Thousands of patients will benefit from a new cancer jab for more than a dozen types of the disease, with the NHS being the first in Europe to offer this new injection.
The health service is introducing an injectable form of immunotherapy, nivolumab, allowing patients to receive their fortnightly or monthly treatment in just 5 minutes instead of up to an hour via an IV drip.
This rollout will save over a year’s worth of treatment time for patients and NHS teams annually, enabling patients to spend less time in hospital while freeing up staff capacity to deliver more appointments and treatments. The new jab can be used to treat 15 cancer types, including skin cancer, bladder, and oesophagus, with an estimated 1,200 patients in England per month expected to benefit.

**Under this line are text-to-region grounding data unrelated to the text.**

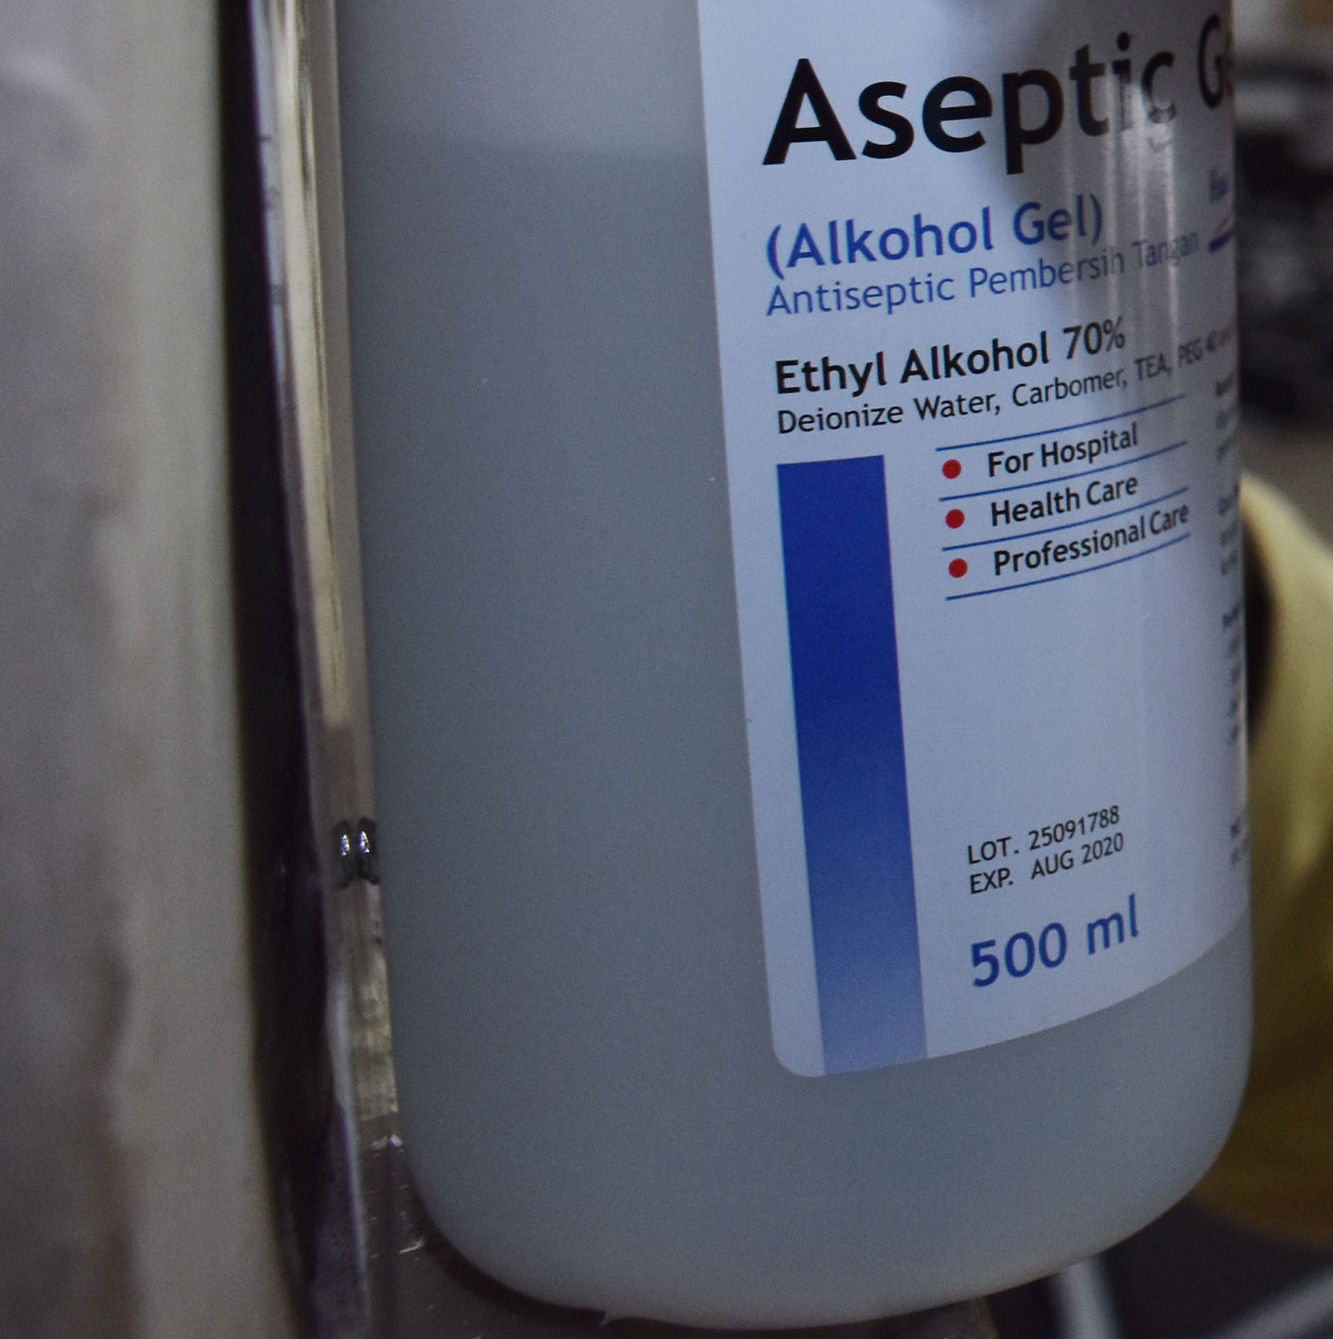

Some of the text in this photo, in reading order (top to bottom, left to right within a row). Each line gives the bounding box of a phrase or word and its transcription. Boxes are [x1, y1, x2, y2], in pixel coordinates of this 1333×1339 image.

[762, 32, 1176, 174] Aseptic
[766, 193, 1102, 281] (Alkohol Gel)
[766, 273, 955, 316] Antiseptic
[970, 239, 1125, 297] Pembersih
[775, 316, 1127, 398] Ethyl Alkohol 70%
[777, 403, 904, 435] Deionize
[914, 392, 1001, 420] Water,
[1012, 367, 1127, 408] Carbomer,
[987, 422, 1139, 478] For Hospital
[991, 474, 1138, 527] Health Care
[994, 516, 1147, 577] Professional
[1150, 503, 1189, 535] Care
[967, 805, 1121, 865] LOT. 25091788
[970, 832, 1124, 895] EXP. AUG 2020
[971, 892, 1139, 987] 500 ml

Following approval from the UK’s Medicines and Healthcare products Regulatory Agency (MHRA), clinical trials showed high patient satisfaction with the under-the-skin injection, which takes 3-5 minutes to administer. Patients preferred it to the IV form of the drug, which takes 30 to 60 minutes every 2 or 4 weeks, depending on the cancer type.
NHS England’s National Clinical Director for Cancer, Professor Peter Johnson, commented:
“Immunotherapy has already been a huge step forward for many NHS patients with cancer, and being able to offer it as an injection in minutes means we can make the process far more convenient.

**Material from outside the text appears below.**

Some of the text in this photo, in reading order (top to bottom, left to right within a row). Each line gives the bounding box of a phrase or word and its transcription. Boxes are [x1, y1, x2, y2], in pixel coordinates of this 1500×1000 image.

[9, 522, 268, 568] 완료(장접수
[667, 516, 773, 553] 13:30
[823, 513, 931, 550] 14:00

“This treatment is used for 15 different types of the disease, so it will free up thousands of valuable clinicians’ time every year, allowing teams to treat even more patients and helping hospital capacity.

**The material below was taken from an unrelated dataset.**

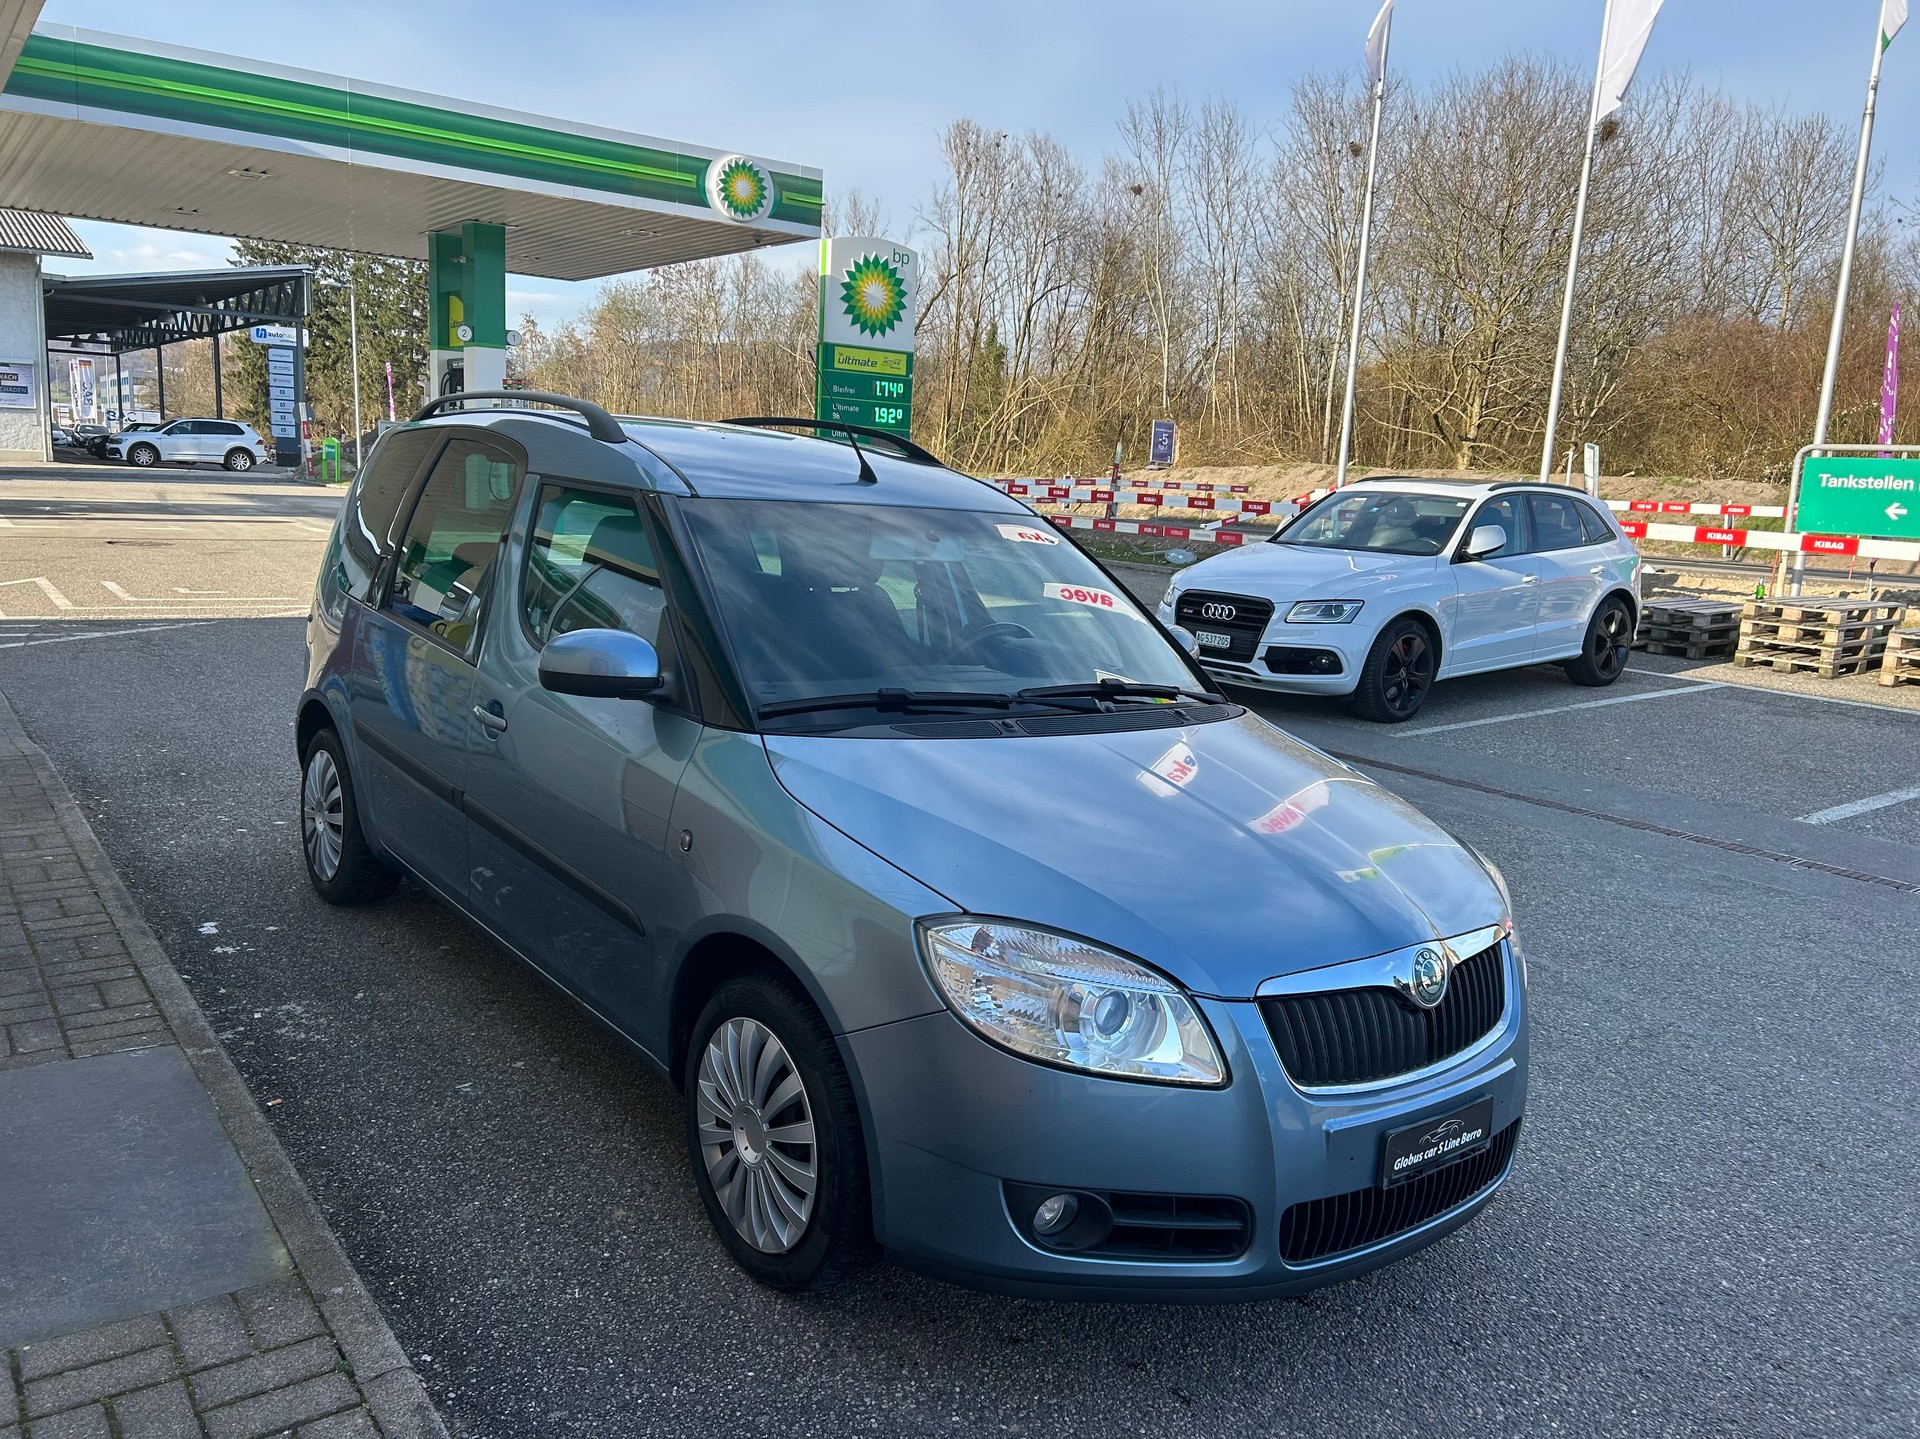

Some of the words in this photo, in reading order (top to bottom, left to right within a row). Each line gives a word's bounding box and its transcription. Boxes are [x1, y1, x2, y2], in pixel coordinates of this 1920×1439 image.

“And this is just the latest development in the NHS’s ongoing commitment to provide patients with the latest cancer therapies and treatment options that truly transform lives”.

Around 2 in 5 patients currently receiving IV nivolumab should be eligible for the new jab. NHS staff administering the jab could save around 1,000 hours of treatment time for patients and clinicians every month, equivalent to more than 1 full year of time annually. Most eligible new patients are expected to begin on the injectable form of nivolumab.
NHS cancer services will prepare to treat the first patients with the new treatment next month when supplies are received in the UK, freeing up valuable resources in nursing and pharmacy teams and helping with capacity demands in cancer day units. This is the latest in a series of NHS cancer treatment innovations aimed at saving patients time and improving access, including new injections for breast cancer, multiple sclerosis, and blood disorders.
The faster treatment comes at no extra cost to the NHS, thanks to an agreement negotiated by NHS England with the manufacturer Bristol Myers Squibb. The rollout is part of NHS England’s 3-pillar approach to delivering the best value from medicines, combining cutting-edge innovations, smarter use of biosimilars and generics, and new treatments that free up clinical capacity and improve patient experience.